You reap what you sow
I remember reading somewhere that there are only a few defining moments in your life.
Taylor once told me that killing another person will change you irrevocably, especially when you see the life drain from your victim"s eyes.
I squeeze her throat tighter applying ample pressure around her long neck. She gurgles and desperately tries to pry my hands away. Yet her eyes, her cold blue eyes remain lifeless like there is no life to drain from them. In this moment, I realise that they have always been this way. I only never saw it before because the look in them mirrored my own.
Her body is slowly turning limp in my arms but she still desperately tries to push my hands away. There is a pleading look on her face yet her facial muscles do not seem to move much. It is a weird almost alien sight to see but it doesn't surprise me. She always dreaded growing older; she was obsessive in maintaining a youthful appearance even if she had to resort to surgery to obtain it. It all doesn't matter now. Death never discriminates, and right now it is coming for her and it will be the final intimate moment that we will ever share.
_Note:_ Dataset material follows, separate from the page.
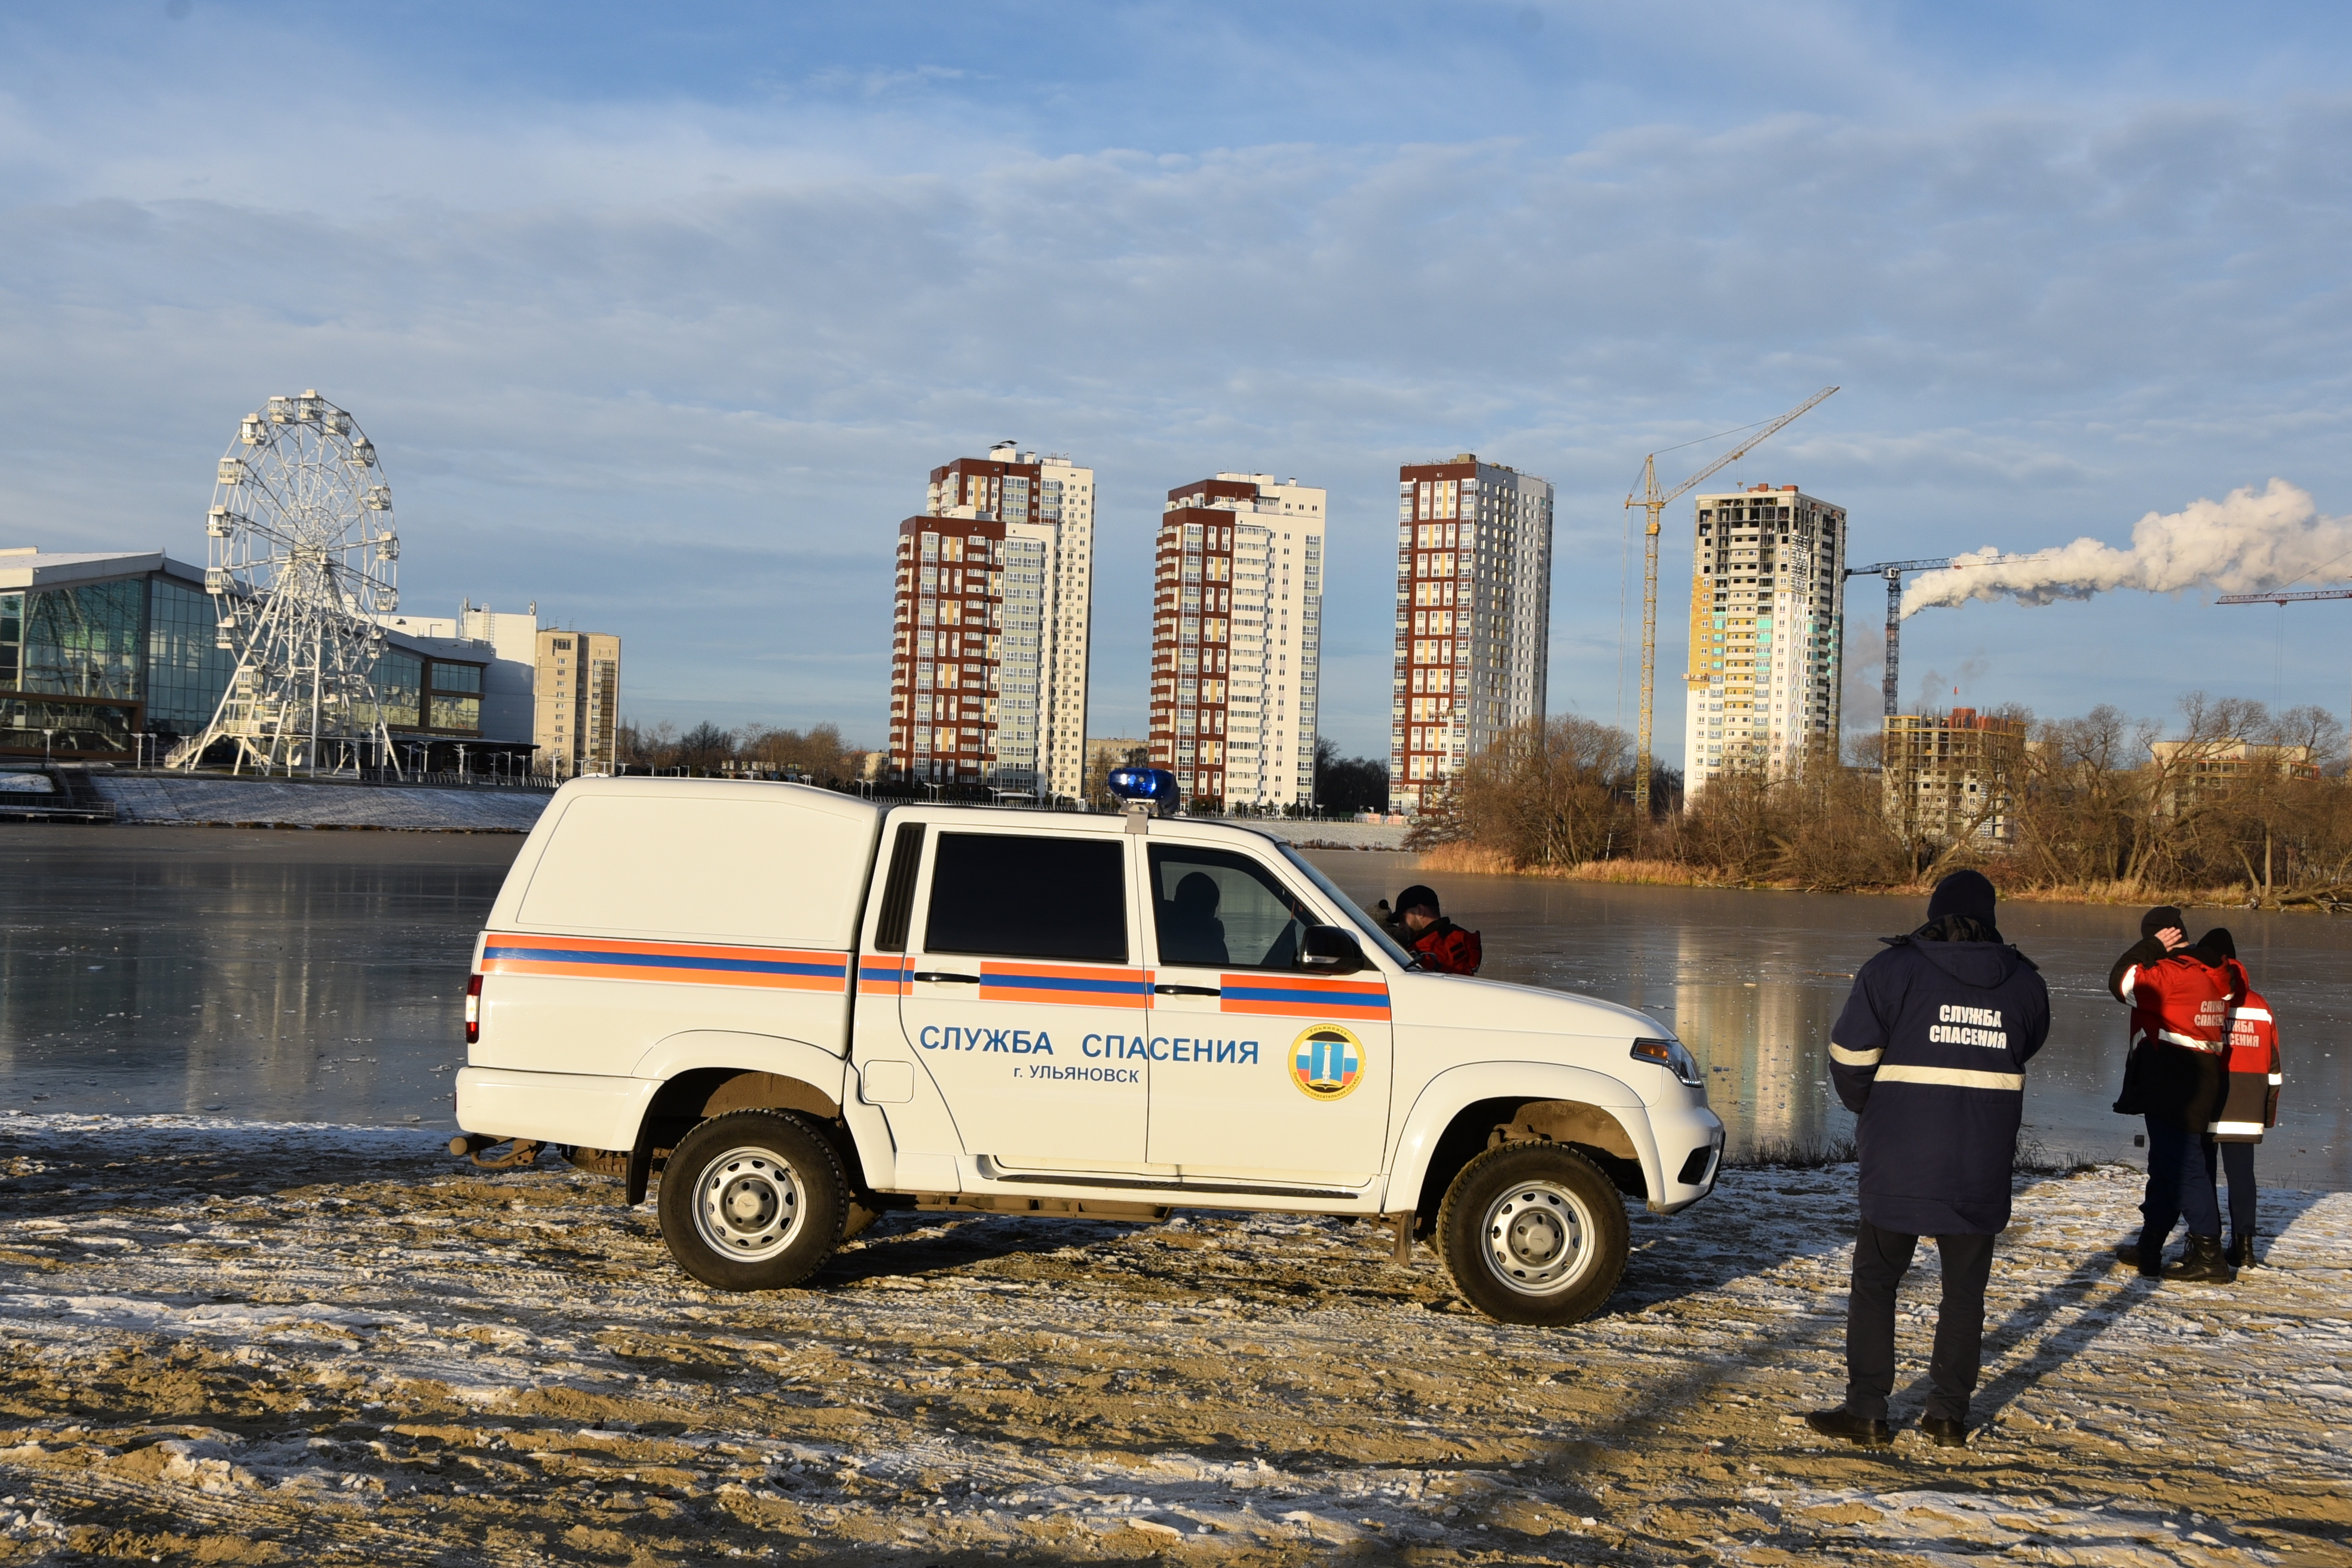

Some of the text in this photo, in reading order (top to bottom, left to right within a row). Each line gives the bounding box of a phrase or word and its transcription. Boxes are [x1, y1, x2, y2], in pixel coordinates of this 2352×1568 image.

[1939, 1004, 2002, 1027] СЛУЖБА
[920, 1025, 1258, 1065] СЛУЖБА СПАСЕНИЯ
[1930, 1025, 2007, 1049] СПАСЕНИЯ
[1013, 1065, 1140, 1083] г. УЛЬЯНОВСК
I am supposed to feel some sadness about that fact; she was, after all, my most trusted and only friend. But I don"t feel any emotion even remotely close to grief or sadness. In fact slowly choking the life out of her is strangely cathartic. Like I am being set free from a life sentence.
It is ironic really she always told me that she made me, and I guess in many ways she did. She took the small monster that was living inside me and shaped and nurtured it to the monster it is today. A cold, callous, and remorseless entity. Right now, she is reaping the fruits of her labor.
Her breathing has turned into small choking gasps, her pupils dilate and the veins in her eyes are popping one by one. It won"t be long now before death takes her and I can finally be free of her forever.